Parallelism

Components of a task, such as a database query, can be run in parallel to dramatically enhance performance. The nature of the task, the database configuration, and the hardware environment, all determine how the Db2® database product will perform a task in parallel.

These factors are interrelated. Consider them all when you work on the physical and logical design of a database. The following types of parallelism are supported by the Db2 database system:

I/O
Query
Utility

Input/output parallelism

When there are multiple containers for a table space, the database manager can use parallel I/O. Parallel I/O refers to the process of writing to, or reading from, two or more I/O devices simultaneously; it can result in significant improvements in throughput.

Query parallelism

There are two types of query parallelism: interquery parallelism and intraquery parallelism.

Interquery parallelism refers to the ability of the database to accept queries from multiple applications at the same time. Each query runs independently of the others, but the database manager runs all of them at the same time. Db2 database products have always supported this type of parallelism.

Intraquery parallelism refers to the simultaneous processing of parts of a single query, using either intrapartition parallelism, interpartition parallelism, or both.

Intrapartition parallelism

Intrapartition parallelism refers to the ability to break up a query into multiple parts. Some Db2 utilities also perform this type of parallelism.

Intrapartition parallelism subdivides what is typically considered to be a single database operation such as index creation, database loading, or SQL queries into multiple parts, many or all of which can be run in parallel within a single database partition.

Figure 1 shows a query that is broken into three pieces that can be run in parallel, with the results returned more quickly than if the query were run in serial fashion. The pieces are copies of each other. To use intrapartition parallelism, you must configure the database appropriately. You can choose the degree of parallelism or let the system do it for you. The degree of parallelism represents the number of pieces of a query running in parallel.

Each piece of a query is run independently and the results are merged before they are returned. — Figure 1. Intrapartition parallelism

Interpartition parallelism

Interpartition parallelism refers to the ability to break up a query into multiple parts across multiple partitions of a partitioned database, on one machine or multiple machines. The query is run in parallel. Some Db2 utilities also perform this type of parallelism.

Interpartition parallelism subdivides what is typically considered a single database operation such as index creation, database loading, or SQL queries into multiple parts, many or all of which can be run in parallel across multiple partitions of a partitioned database on one machine or on multiple machines.

Figure 2 shows a query that is broken into three pieces that can be run in parallel, with the results returned more quickly than if the query were run in serial fashion on a single database partition.

The degree of parallelism is largely determined by the number of database partitions you create and how you define your database partition groups.

A query is divided between several database partitions.
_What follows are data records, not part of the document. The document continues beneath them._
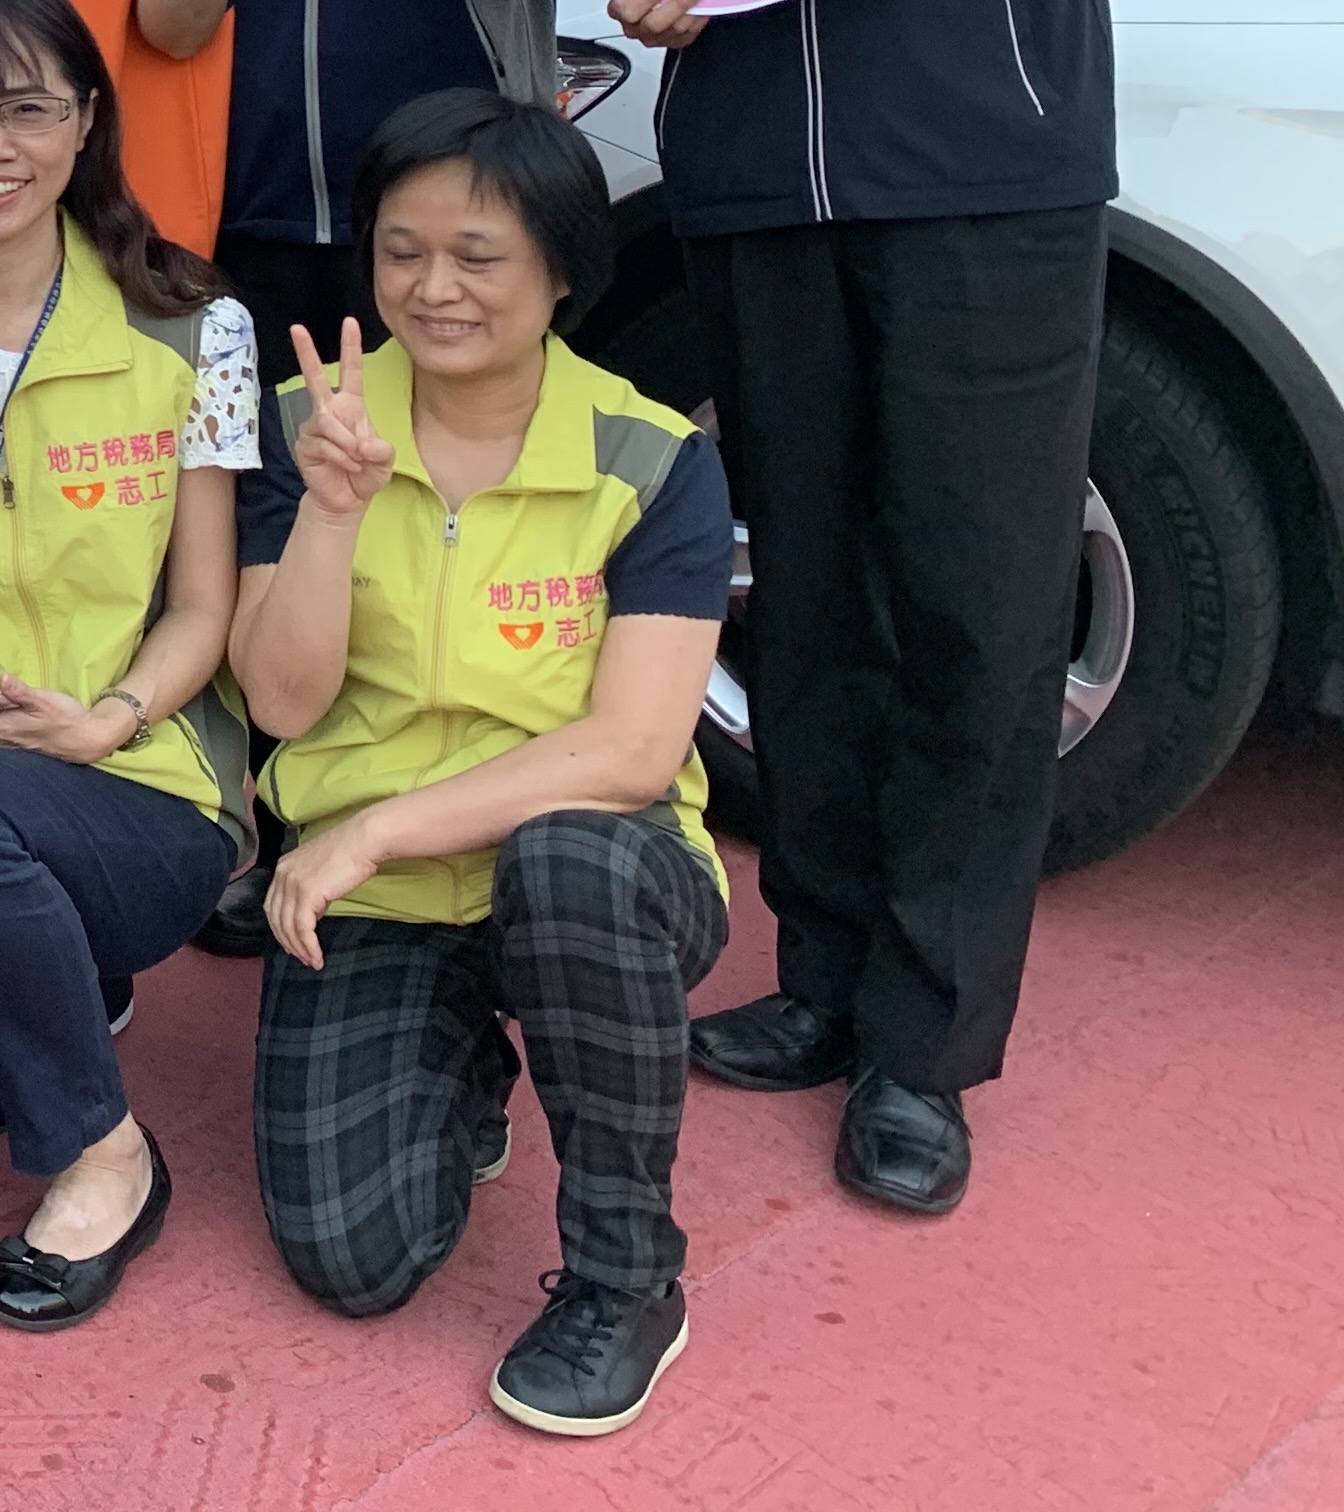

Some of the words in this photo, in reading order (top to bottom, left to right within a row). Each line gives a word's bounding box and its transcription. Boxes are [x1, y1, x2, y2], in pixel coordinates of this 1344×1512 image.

[48, 429, 176, 473] 地方稅務局
[115, 470, 168, 506] 志工
[555, 608, 597, 648] 志工
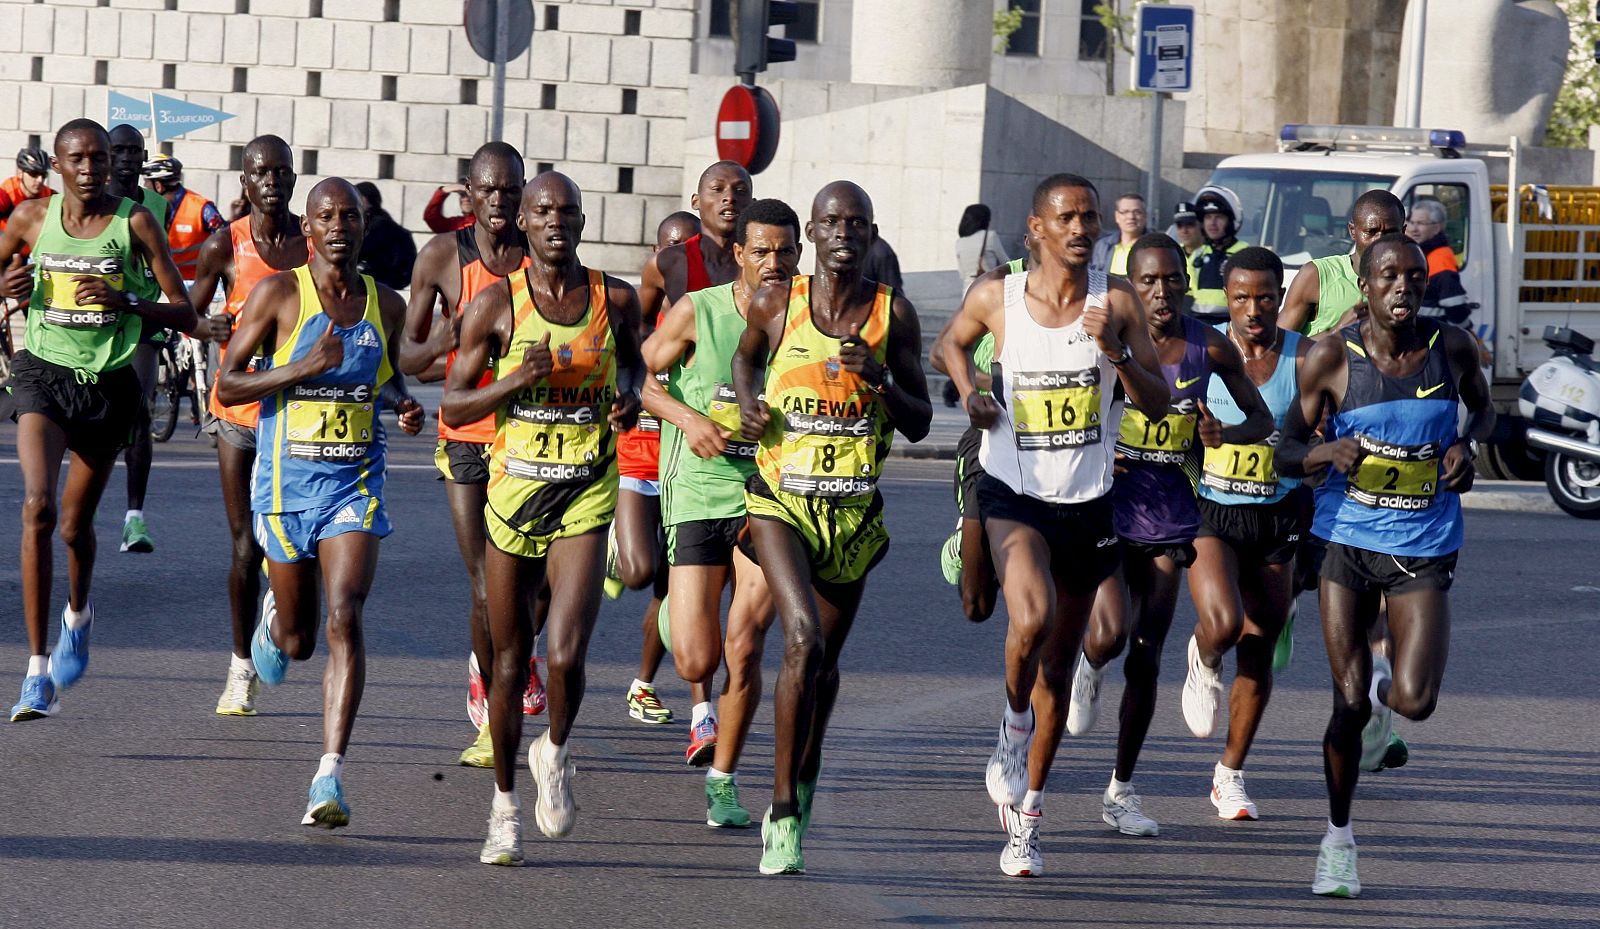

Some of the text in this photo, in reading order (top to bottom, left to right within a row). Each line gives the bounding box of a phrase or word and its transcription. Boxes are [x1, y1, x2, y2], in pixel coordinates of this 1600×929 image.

[167, 114, 214, 123] CLASIFICADO
[45, 256, 91, 270] iberCaja
[71, 312, 116, 324] adidas
[1015, 374, 1067, 387] iberCaja
[295, 386, 344, 399] iberCaja
[1561, 384, 1585, 403] 112
[513, 405, 563, 422] iberCaja
[1044, 397, 1076, 428] 16
[320, 409, 348, 439] 13
[789, 413, 843, 432] iberCaja
[361, 429, 368, 438] A
[1052, 429, 1098, 445] adidas
[1142, 420, 1170, 447] 10
[322, 444, 367, 457] adidas
[535, 432, 564, 459] 21
[585, 451, 593, 461] A
[821, 443, 837, 473] 8
[1142, 450, 1185, 464] adidas
[862, 464, 870, 473] A
[1232, 451, 1260, 477] 12
[540, 465, 590, 479] adidas
[1383, 466, 1400, 491] 2
[818, 478, 870, 492] adidas
[1231, 480, 1274, 495] adidas
[1423, 483, 1430, 491] A
[1379, 496, 1429, 509] adidas
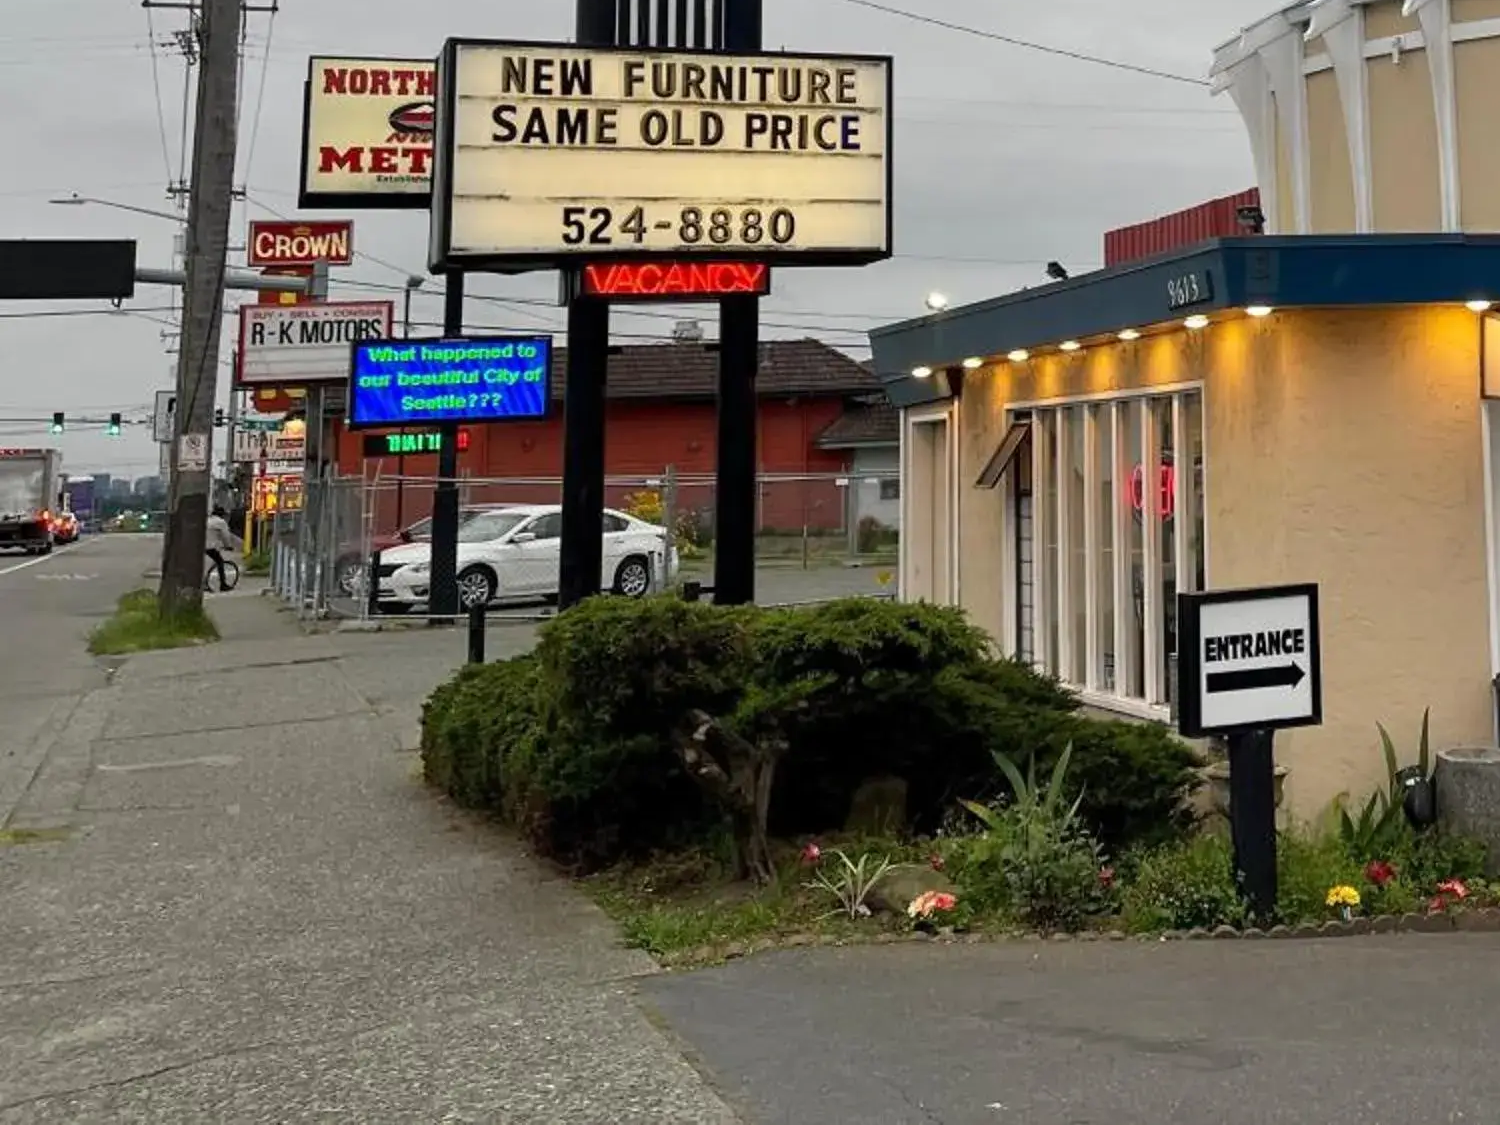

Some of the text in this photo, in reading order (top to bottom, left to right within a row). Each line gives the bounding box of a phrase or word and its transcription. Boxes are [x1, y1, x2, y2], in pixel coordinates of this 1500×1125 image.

[323, 68, 436, 96] NORTH
[501, 56, 858, 104] NEW FURNITURE
[491, 105, 862, 150] SAME OLD PRICE
[318, 146, 433, 174] MET
[561, 206, 797, 246] 524-8880
[255, 230, 348, 259] CROWN
[584, 263, 766, 295] VACANCY
[299, 318, 382, 344] MOTORS
[368, 344, 537, 363] What happened to
[359, 367, 544, 388] our beautiful City of
[401, 392, 503, 412] Seattle???
[1204, 628, 1305, 663] ENTRANCE
Each database partition only returns data from its part. — Figure 2. Interpartition parallelism

Simultaneous intrapartition and interpartition parallelism

You can use intrapartition parallelism and interpartition parallelism at the same time. This combination provides two dimensions of parallelism, resulting in an even more dramatic increase in the speed at which queries are processed.

A query is divided using intrapartition parallelism and then each piece is divided again by interpartition parallelism. — Figure 3. Simultaneous interpartition and intrapartition parallelism

Utility parallelism

Db2 utilities can take advantage of intrapartition parallelism. They can also take advantage of interpartition parallelism; where multiple database partitions exist, the utilities run in each of the database partitions in parallel.

The load utility can take advantage of intrapartition parallelism and I/O parallelism. Loading data is a CPU-intensive task. The load utility takes advantage of multiple processors for tasks such as parsing and formatting data. It can also use parallel I/O servers to write the data to containers in parallel.

In a partitioned database environment, the LOAD command takes advantage of intrapartition, interpartition, and I/O parallelism by parallel invocations at each database partition where the table resides.

During index creation, the scanning and subsequent sorting of the data occurs in parallel. The Db2 system exploits both I/O parallelism and intrapartition parallelism when creating an index. This helps to speed up index creation when a CREATE INDEX statement is issued, during restart (if an index is marked invalid), and during the reorganization of data.

Backing up and restoring data are heavily I/O-bound tasks. The Db2 system exploits both I/O parallelism and intrapartition parallelism when performing backup and restore operations. Backup exploits I/O parallelism by reading from multiple table space containers in parallel, and asynchronously writing to multiple backup media in parallel.